Where we are
Late last week I took a cyber-stroll by this site and realized it had been nearly a month since I'd posted anything new.
Kinda made me feel guilty.
So, below, you'll find a recap (with photos) of the most recent leg of the Texas Kayak Safari. Most of that information also lives at http://www.texassportingjournal.com/, so if you bopped on over there last month you probably already have read it.
There's more, and a different version, coming out in the magazine in the May/June issue. Pick it up at Barnes & Noble or your local news stand, or -- better -- go to the magazine Web site and sign-up for a subscription.
Weather forced a postponement of the Easter weekend paddling leg from Port Mansfield to Yarborough Pass; we had sleet and snow in Central Texas, and gusty north winds and temps in the 40s and 50s on the coast. It was a good weekend to do other things.
Hopefully that will be the last big blast of cold air until sometime around Thanksgiving. Bay waters are warming, spanish mackerel and kingfish already are showing up on the middle coast and with big bait balls moving along the shore the tarpon shouldn't be far behind.
Speaking of tarpon, I recently read an unpublished manuscript by Hart Stillwell.

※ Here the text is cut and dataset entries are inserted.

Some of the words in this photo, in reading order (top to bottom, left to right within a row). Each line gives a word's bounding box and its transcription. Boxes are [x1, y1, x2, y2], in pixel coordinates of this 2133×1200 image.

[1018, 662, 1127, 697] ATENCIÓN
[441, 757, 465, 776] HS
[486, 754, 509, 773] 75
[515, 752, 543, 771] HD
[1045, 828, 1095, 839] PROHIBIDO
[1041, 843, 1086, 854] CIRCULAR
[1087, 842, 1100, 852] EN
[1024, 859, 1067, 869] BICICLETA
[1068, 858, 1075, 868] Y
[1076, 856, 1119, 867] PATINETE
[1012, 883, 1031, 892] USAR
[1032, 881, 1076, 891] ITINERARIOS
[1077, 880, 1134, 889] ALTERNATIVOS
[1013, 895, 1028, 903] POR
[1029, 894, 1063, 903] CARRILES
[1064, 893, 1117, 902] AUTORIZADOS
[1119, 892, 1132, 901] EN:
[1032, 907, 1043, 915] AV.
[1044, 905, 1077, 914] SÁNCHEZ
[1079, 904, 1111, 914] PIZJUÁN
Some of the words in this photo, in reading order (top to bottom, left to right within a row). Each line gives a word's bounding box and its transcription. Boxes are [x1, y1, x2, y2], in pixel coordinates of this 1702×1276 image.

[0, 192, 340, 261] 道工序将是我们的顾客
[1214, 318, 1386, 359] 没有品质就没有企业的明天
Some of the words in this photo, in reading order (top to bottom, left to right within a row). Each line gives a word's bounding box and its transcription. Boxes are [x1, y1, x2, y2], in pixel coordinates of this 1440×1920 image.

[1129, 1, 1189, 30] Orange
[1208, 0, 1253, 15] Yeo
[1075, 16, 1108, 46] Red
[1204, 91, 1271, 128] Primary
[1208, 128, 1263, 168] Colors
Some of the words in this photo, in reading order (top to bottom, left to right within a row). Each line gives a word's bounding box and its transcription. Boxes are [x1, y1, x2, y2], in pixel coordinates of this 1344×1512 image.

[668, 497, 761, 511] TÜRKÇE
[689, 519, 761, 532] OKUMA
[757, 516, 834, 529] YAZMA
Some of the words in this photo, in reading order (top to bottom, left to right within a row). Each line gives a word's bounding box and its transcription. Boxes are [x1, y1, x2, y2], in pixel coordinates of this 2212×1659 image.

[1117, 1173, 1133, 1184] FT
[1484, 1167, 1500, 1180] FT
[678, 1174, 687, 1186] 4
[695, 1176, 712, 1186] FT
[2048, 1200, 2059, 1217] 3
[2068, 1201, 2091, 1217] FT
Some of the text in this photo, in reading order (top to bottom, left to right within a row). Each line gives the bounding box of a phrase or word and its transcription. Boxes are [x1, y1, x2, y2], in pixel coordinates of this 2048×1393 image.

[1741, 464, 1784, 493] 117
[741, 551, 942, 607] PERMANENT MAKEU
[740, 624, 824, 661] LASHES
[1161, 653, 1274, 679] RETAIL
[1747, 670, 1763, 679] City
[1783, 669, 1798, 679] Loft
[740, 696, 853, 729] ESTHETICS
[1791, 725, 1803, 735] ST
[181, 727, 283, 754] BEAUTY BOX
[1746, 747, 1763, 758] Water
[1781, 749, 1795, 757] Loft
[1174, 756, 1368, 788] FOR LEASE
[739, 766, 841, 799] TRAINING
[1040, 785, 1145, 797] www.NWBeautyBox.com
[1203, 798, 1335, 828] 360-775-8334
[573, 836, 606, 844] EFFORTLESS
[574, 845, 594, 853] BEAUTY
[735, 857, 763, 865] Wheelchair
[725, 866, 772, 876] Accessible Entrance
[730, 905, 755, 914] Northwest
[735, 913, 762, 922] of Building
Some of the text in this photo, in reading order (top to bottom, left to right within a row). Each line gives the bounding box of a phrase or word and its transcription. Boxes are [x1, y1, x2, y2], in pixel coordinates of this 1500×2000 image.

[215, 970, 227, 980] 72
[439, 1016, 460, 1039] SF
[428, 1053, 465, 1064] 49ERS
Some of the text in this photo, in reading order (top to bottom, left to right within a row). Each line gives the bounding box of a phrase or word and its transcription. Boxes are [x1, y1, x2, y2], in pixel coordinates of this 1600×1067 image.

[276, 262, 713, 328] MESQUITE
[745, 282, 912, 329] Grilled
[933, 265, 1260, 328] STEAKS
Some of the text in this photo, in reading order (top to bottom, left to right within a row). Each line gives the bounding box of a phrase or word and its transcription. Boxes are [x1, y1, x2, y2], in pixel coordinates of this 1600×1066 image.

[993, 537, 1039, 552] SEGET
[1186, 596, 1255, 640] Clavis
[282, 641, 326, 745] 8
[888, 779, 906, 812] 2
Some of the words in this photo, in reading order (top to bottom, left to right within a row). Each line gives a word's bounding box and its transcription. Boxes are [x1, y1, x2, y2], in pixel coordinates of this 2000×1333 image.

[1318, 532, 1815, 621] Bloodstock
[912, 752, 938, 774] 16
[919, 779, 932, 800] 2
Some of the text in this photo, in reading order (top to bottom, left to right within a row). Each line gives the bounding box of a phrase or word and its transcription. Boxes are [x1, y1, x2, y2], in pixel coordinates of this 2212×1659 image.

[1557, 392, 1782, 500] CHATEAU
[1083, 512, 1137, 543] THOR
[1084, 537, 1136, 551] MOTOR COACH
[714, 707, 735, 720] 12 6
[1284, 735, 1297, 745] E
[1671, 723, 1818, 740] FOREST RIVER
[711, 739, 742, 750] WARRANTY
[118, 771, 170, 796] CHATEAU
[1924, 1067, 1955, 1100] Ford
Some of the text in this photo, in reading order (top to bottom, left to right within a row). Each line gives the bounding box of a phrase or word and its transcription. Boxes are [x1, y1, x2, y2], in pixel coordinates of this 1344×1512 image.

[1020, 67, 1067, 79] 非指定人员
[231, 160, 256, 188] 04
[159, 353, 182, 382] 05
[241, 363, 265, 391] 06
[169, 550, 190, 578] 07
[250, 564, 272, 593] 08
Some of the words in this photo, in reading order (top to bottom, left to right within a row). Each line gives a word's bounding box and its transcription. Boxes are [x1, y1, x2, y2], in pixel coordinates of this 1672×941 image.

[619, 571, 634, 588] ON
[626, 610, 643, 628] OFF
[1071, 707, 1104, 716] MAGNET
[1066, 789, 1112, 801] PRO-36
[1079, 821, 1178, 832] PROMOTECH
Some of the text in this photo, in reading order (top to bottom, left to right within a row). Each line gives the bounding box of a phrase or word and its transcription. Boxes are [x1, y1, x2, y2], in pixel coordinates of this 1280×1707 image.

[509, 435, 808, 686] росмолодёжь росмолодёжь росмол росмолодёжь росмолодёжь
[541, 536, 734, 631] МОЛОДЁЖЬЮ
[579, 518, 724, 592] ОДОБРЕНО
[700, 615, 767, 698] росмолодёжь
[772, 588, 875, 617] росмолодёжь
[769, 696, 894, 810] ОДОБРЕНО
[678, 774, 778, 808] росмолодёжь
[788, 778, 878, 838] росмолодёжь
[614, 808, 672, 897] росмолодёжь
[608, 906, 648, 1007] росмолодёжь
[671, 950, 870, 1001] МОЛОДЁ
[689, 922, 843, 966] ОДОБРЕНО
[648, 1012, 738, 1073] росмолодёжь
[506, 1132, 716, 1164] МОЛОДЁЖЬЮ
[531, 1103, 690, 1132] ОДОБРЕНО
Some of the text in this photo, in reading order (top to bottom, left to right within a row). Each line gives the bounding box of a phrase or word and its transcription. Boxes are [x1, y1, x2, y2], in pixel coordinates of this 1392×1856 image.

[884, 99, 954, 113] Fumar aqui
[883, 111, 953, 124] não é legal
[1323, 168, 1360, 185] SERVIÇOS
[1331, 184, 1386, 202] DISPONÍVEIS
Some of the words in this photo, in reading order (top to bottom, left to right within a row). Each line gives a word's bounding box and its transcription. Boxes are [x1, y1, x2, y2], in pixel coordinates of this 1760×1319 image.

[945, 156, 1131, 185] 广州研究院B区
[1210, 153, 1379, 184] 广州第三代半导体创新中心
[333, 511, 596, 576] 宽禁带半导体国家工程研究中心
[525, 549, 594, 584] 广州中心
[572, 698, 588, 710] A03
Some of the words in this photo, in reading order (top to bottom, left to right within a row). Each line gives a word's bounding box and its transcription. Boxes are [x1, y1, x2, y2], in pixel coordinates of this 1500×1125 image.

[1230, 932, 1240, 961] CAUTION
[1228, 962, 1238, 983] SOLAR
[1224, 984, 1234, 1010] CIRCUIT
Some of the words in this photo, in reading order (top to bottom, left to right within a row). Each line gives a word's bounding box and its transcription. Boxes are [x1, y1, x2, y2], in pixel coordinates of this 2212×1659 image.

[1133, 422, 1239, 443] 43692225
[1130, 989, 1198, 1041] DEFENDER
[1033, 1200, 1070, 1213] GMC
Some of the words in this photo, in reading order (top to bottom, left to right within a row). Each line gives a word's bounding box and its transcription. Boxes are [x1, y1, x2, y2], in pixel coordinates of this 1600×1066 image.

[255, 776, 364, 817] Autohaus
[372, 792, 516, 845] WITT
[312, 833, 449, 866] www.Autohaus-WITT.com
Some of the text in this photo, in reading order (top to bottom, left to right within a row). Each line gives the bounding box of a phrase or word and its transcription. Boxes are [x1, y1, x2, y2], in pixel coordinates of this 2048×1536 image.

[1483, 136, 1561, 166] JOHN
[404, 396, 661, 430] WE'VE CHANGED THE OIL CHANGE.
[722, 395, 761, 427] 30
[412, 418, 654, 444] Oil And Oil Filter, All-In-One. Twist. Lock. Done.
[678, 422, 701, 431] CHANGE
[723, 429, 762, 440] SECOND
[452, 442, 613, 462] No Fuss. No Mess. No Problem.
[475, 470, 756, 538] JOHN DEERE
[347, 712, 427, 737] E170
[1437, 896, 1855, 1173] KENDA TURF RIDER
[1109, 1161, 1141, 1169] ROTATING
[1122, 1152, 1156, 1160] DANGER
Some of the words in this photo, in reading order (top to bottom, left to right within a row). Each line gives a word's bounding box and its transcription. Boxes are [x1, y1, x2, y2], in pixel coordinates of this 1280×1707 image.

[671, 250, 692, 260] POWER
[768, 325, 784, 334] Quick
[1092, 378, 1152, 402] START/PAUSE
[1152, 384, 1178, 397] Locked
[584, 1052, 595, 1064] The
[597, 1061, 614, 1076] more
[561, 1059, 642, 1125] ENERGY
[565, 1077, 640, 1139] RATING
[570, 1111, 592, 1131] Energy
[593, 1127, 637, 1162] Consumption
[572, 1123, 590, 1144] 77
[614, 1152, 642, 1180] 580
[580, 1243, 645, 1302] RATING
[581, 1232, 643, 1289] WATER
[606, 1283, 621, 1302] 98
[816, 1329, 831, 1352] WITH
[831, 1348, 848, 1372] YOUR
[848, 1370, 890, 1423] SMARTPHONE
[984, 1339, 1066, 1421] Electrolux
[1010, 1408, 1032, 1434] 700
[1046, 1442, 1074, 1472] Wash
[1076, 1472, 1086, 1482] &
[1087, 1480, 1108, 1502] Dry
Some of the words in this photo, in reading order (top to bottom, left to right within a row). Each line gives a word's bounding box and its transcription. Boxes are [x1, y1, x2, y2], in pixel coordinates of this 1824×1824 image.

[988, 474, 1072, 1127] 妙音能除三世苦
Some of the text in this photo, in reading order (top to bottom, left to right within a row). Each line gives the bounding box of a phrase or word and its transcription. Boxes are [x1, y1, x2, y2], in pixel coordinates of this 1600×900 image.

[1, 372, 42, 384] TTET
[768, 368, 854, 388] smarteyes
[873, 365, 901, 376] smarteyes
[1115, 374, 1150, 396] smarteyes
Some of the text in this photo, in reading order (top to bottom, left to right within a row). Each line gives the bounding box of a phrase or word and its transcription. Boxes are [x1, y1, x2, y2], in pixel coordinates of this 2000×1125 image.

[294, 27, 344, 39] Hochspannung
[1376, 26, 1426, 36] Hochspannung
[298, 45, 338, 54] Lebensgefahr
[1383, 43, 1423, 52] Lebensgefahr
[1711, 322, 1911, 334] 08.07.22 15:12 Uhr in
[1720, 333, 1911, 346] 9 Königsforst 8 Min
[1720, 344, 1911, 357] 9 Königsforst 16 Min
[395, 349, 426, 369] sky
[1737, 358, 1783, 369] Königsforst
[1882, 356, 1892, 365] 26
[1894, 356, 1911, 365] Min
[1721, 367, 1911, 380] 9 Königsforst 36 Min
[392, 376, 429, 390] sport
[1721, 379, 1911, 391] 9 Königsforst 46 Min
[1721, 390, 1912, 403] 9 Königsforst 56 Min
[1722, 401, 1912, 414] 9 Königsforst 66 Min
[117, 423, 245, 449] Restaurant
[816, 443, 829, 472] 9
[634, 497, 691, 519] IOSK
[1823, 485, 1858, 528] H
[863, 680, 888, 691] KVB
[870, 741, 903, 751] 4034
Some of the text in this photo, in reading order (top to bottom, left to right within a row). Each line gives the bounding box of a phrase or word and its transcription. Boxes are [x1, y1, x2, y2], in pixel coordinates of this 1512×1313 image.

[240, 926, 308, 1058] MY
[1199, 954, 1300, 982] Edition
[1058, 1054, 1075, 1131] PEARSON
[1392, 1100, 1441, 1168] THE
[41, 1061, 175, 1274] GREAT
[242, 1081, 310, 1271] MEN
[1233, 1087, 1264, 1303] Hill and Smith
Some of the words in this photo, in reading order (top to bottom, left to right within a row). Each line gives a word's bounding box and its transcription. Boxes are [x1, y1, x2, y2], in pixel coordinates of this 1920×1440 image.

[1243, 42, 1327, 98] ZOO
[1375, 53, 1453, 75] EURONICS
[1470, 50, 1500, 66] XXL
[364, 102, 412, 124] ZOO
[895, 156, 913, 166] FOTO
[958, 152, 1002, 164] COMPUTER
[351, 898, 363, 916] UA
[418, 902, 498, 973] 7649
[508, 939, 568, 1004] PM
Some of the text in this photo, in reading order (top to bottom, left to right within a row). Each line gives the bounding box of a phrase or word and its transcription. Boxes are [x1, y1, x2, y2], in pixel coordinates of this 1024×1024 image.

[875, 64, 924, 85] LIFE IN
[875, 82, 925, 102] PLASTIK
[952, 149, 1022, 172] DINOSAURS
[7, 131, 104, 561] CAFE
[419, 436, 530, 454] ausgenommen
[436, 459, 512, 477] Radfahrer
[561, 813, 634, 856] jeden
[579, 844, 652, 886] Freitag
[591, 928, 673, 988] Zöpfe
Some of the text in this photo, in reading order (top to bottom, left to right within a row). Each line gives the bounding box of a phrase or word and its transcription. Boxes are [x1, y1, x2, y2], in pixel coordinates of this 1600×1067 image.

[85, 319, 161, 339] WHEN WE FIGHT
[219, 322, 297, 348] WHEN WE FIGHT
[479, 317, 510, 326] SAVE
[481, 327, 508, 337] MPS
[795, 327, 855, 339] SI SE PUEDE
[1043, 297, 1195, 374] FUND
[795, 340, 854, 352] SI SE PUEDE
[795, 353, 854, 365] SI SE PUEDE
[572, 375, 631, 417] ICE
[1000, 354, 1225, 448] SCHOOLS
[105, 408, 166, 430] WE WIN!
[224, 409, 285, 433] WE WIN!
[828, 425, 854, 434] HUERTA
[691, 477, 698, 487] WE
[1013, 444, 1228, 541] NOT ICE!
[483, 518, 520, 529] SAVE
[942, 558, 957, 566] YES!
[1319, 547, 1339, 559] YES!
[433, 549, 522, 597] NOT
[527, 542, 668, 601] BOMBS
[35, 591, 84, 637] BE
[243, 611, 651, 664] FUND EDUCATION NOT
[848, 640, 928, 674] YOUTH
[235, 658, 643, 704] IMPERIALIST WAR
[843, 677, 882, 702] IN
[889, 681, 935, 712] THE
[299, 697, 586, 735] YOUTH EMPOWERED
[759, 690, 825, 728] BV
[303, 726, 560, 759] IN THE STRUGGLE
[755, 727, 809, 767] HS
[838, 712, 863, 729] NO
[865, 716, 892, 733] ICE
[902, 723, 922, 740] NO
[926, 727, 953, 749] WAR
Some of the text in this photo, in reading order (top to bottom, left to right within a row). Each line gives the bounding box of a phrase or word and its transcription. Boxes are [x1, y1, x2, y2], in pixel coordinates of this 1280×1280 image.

Stillwell was a legendary Texas writer who penned Hunting and Fishing in Texas and Hunting and Fishing in Mexico along with a novel and more. Back in the day, you could find his articles in True and Cosmopolitan (I'm not making this up) as well as Field & Stream and Outdoor Life.
This book, unearthed in an attic box at Texas State University's Alkerk Library by my colleague Steve Lightfoot, was to be titled Glory of the Silver King.
It's a fascinating look at changing conservation ethics and -- especially interesting to me -- the tarpon and snook fishery in South Texas and northern Mexico from the 1930s through the 1960s.